Decisions, decisions

Anyone that reads this blog on a semi-regular basis knows that I dream of being a General Manager some day.

I think about what my organizational strategy would be, what my office would look like and what all the trade negotiations would sound like.

And I think about it way too often.

No one has given me a job GMing yet, so I do the next best thing, I play Diamond-Mind baseball in a "keeper league" with a bunch of other GM wannabes.

Prior to this year I had only played "roto" fantasy baseball, which is basically drafting a brand new team each year and adding up their accumulated stats to figure out the winner of the league.

It was fun, but I really didn't love it.

I got "recruited" to join a Diamond-Mind league and since I had heard so much good stuff about it and since I was looking for a new fantasy baseball game to play, I said yes.

So, I took over an abandoned team and set about building it into a contender.

Before I tell you all the details, let me give you a few of the facts first...

Diamond-Mind is a simulation game.

The easiest way to explain it is that you can use the previous season's performances to replay the season.

For example, my league just finished playing our 2002 season, using everyone's real life 2001 stats.

Our next season will use the stats from the recently completed 2002 season.

The simulation is extraordinarily detailed and it includes in-depth defensive ratings for each player, lefty and righty hitting and pitching splits, ballpark factors and just about anything else you could possibly want and probably a lot more.

You actually play out all the games, pitch-by-pitch (if you want to), with lineups and pitching rotations, bullpen usage patterns and managerial tendencies.

The league works like this...

There are 24 teams, split into 2 leagues.

Each team has a $400 salary cap and a roster that can be filled with up to 50 players.

During each off-season, there is a "auction" for all of the new players (the ones that made their major league debut the previous year).
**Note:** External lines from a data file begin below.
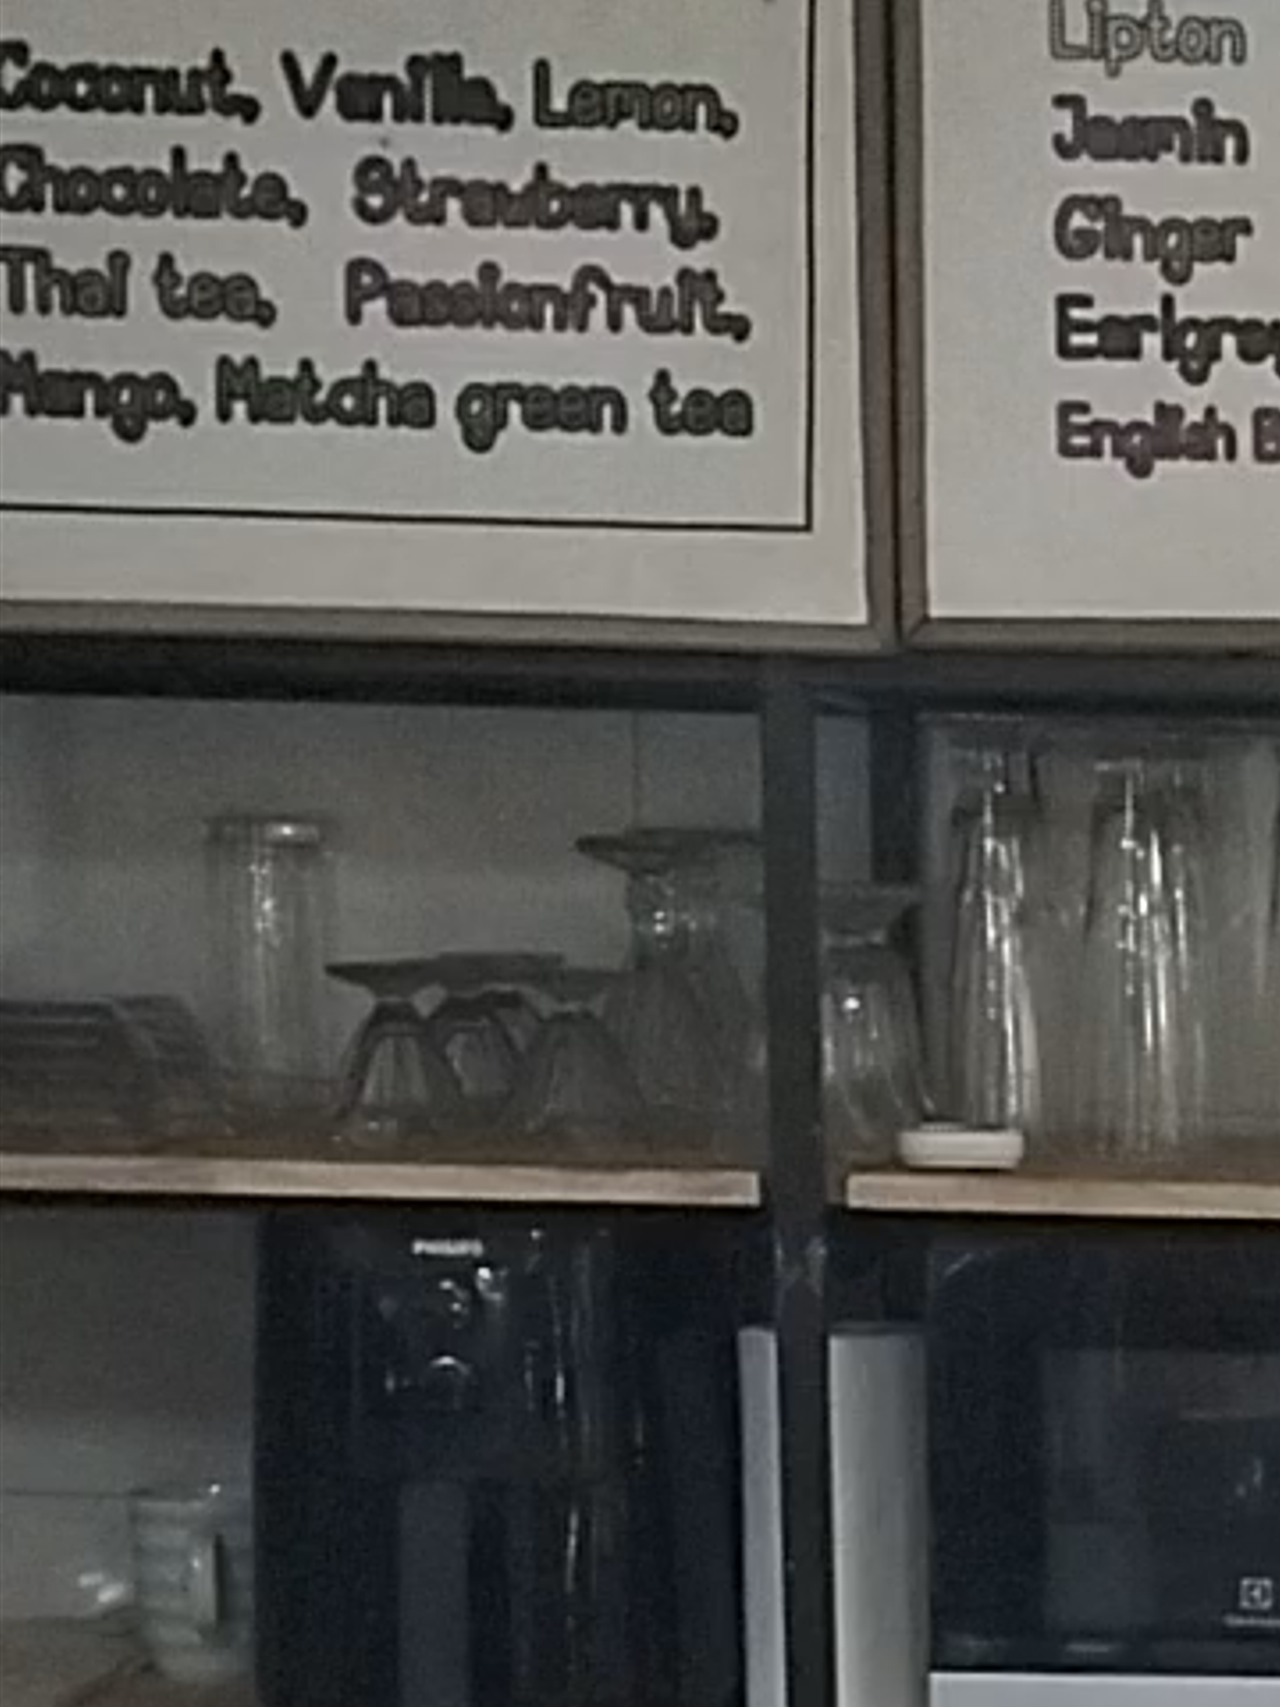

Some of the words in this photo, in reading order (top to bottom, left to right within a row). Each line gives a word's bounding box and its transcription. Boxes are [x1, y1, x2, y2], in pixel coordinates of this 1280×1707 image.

[279, 49, 515, 134] Vanilla,
[532, 57, 740, 141] Lemon,
[0, 143, 309, 230] Chocolate,
[352, 155, 720, 251] Strawberry,
[1054, 194, 1254, 287] Ginger
[152, 251, 278, 330] tea,
[344, 257, 752, 344] Passionfruit,
[215, 354, 437, 430] Matcha
[454, 382, 629, 454] green
[647, 368, 754, 438] tea
[1056, 400, 1238, 479] English
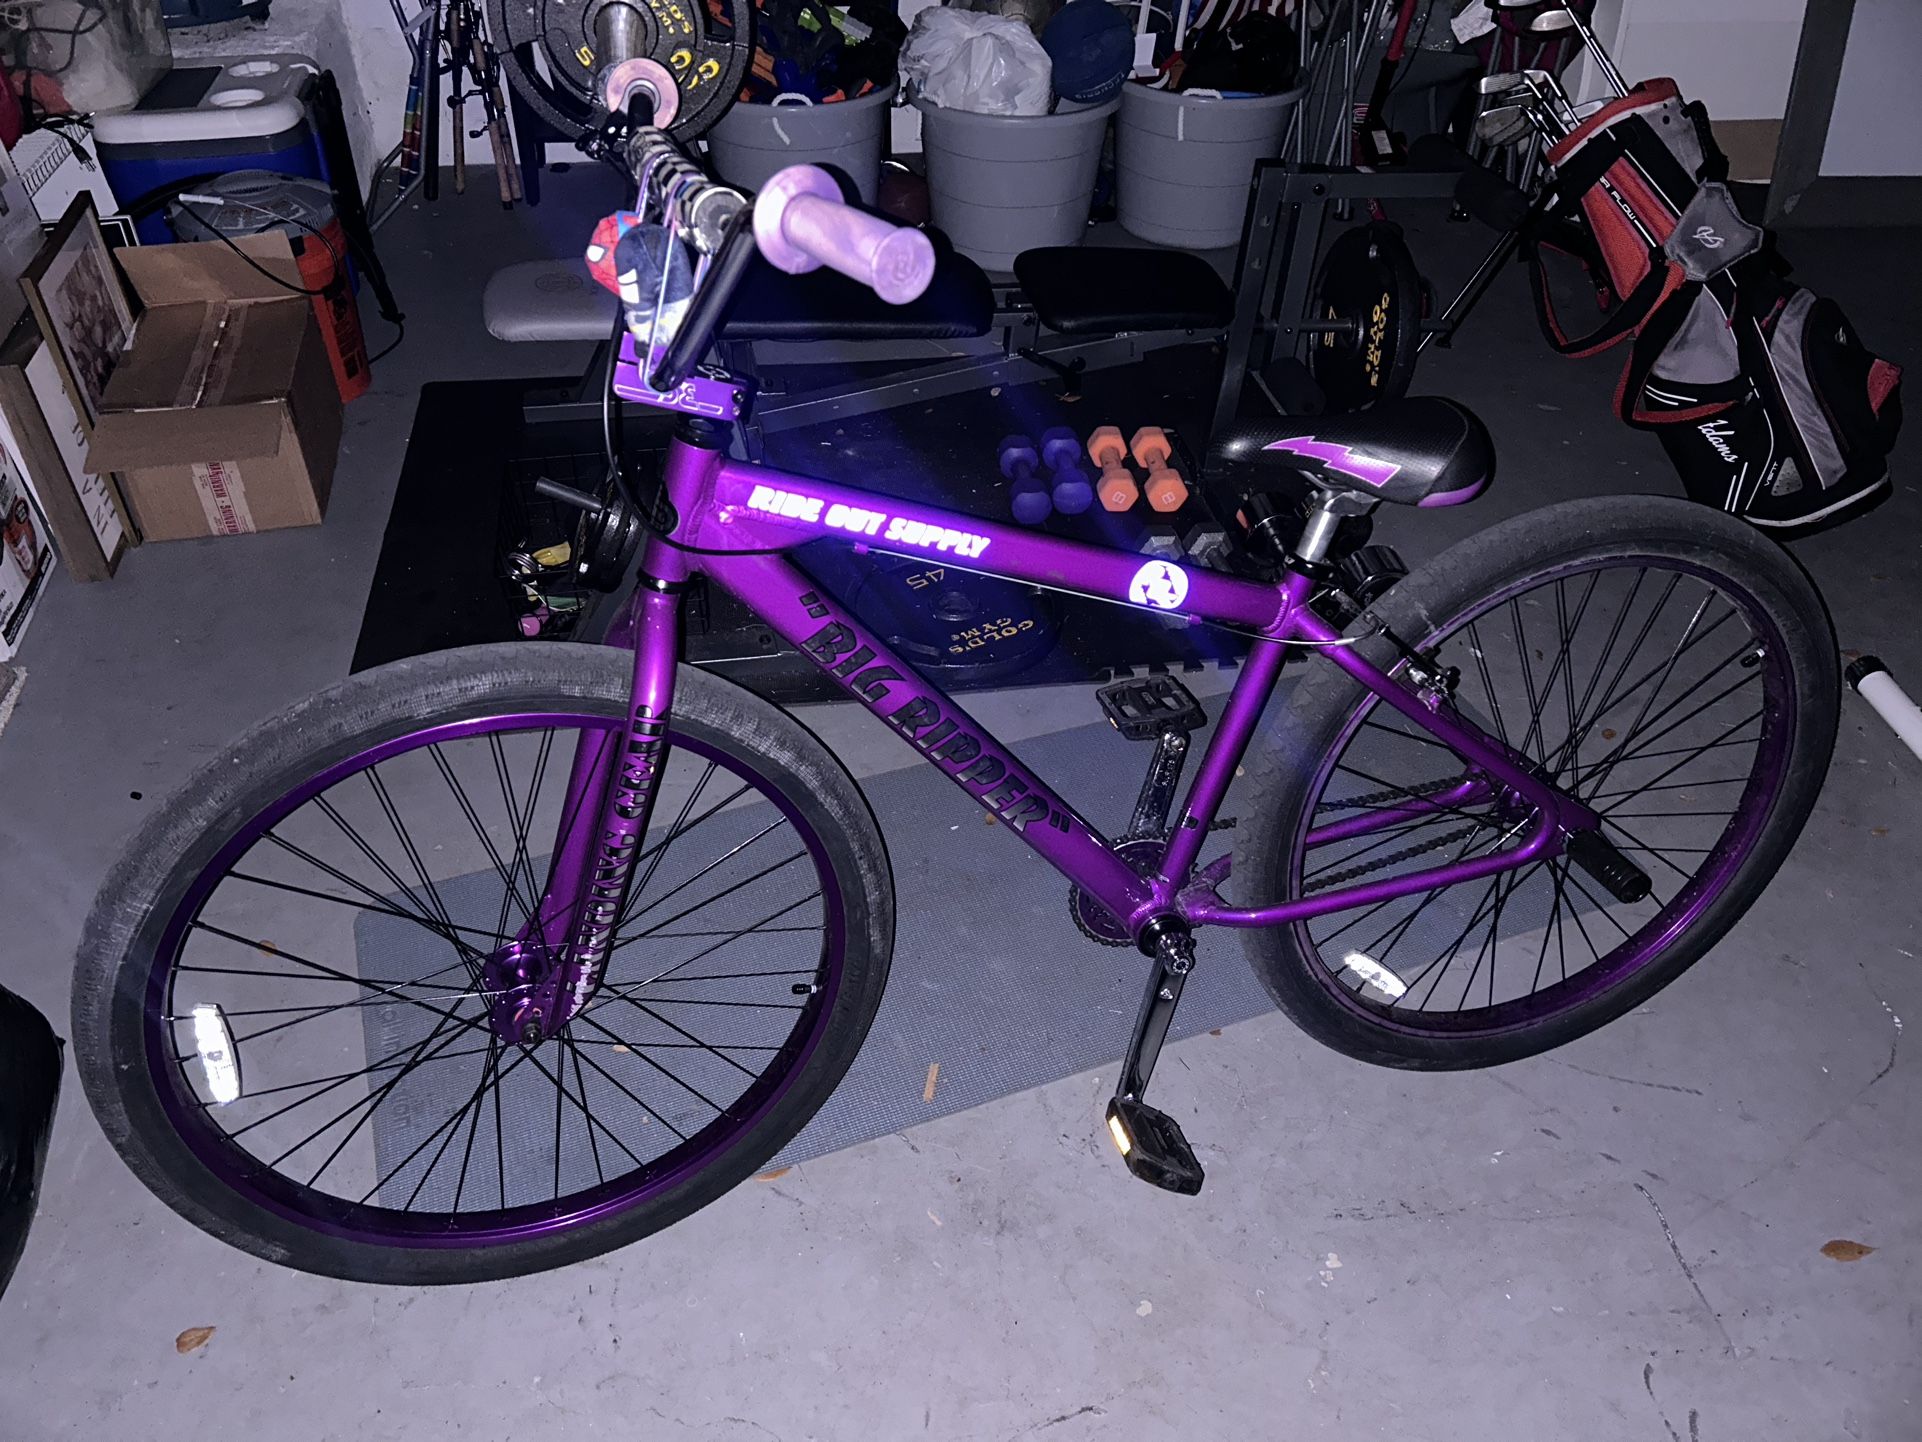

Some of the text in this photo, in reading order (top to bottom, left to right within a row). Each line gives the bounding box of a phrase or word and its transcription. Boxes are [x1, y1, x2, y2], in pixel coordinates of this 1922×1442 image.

Also during the off-season, each player on everyone's roster sees his salary go up 15%.

If a guy is $30 one year, he costs $34 the next.

You can cut players at any time, at which point they are put into the off-season auction with all of the players that debuted that year.

Anyway, I took over this team that had finished in last place the year before and had been abandoned by its owner.

The roster wasn't very appealing overall, but it had 2 players that were worth building around: Jim Thome and Freddy Garcia.

I decided that I would scrap the entire team, except for those 2 guys, and try to build for 2003.

I didn't care what I did in my first year and I sort of thought of it like an expansion team taking its lumps.

In the off-season auction, I bid on "prospects" that hadn't done much in 2001 (the year we would be using for my first season) but that I hoped would have good 2002 seasons and be ready to help me in my second year (and beyond).

I bid $32 on Josh Beckett.

$50 for Adam Dunn.

$16 for Michael Cuddyer.

$20 on Carlos Pena.

$22 for Juan Uribe.

$15 for Nick Neugebauer.

$11 for Nate Cornejo.

$14 for Kurt Ainsworth.

And I also traded for Nick Johnson, who cost $25.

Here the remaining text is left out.